Sea, Soil, Stone: A Summer Show
Frith Street Gallery is delighted to present Sea, Soil, Stone, a summer exhibition by Frith Street Gallery artists. Spanning the past two decades, the works here explore our symbiotic relationship with the environment, reflected in recent campaigns to change the dictionary definition of ‘nature’ to include humans, and ongoing research into the complex relationships between fungi, trees and people. It is both sobering and joyous to consider how many political regimes rise and fall as the earth endures. We currently exist in the Anthropocene; a time defined by the irreversible damage we have caused to the planet. We have exploited and polluted the soil, the ocean, and the mountains, yet Gaia theory proposes that the planet will continue long after we are gone.
This show offers a hopeful reflection upon the fundamental co-dependence of human beings and the landscape, the timescale of human life – a mere moment in comparison to the life span of planet earth – and our expressions of deep reverence for our environment. Artists are frequently drawn to the dichotomies of the natural world; mountains can be sublime yet deadly, plants can be both medicine and poison. They are intrigued by, and seek to document, the wild beauty of nature, as well as our attempts to tame and exploit it through interventions from horticultural to industrial, at times beautiful and awe-inspiring, at others, horrifying.
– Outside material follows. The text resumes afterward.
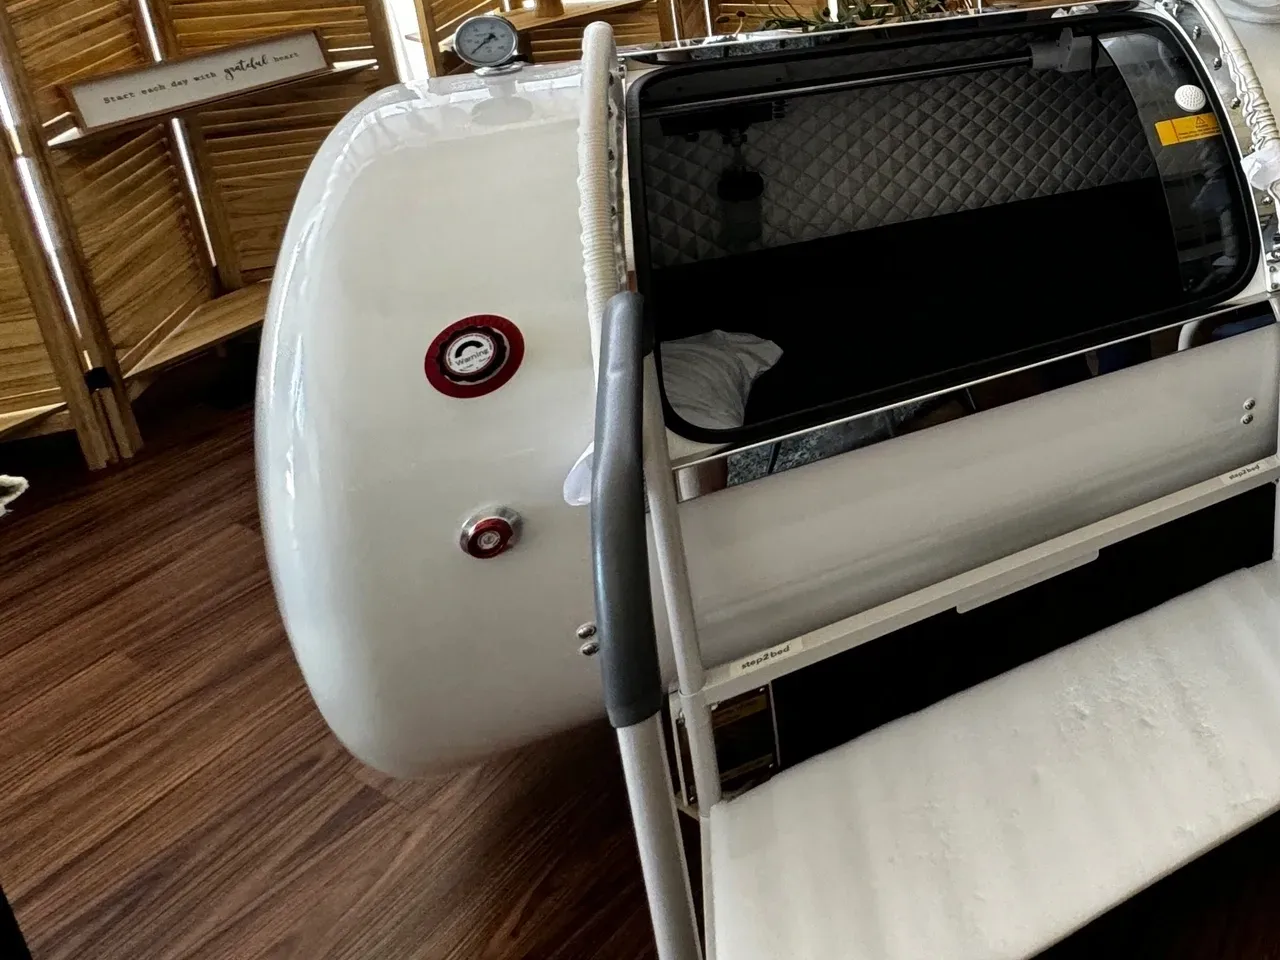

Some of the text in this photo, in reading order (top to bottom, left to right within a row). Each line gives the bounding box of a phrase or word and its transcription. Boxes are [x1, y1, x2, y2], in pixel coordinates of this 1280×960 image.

[103, 52, 300, 105] Start each day with grateful heart
[455, 348, 490, 366] Warning
[741, 645, 791, 670] step2bed
It is humbling that our cultural achievements will become ruins and be swept away. Famed poets will feed the grass, once avant-garde architectural constructions, will be eroded by the tides, while shoes and flippers will be devoured by the sea. Technology has enabled the human destruction of the natural world but conversely also allowed us to appreciate its wondrousness in technicolour detail.
The works here are roughly grouped together under their exploration of soil, sea, or stone. These are often overlapping categories, as avalanches, melt from the mountains to the sea, and estuaries bring seawater to the land.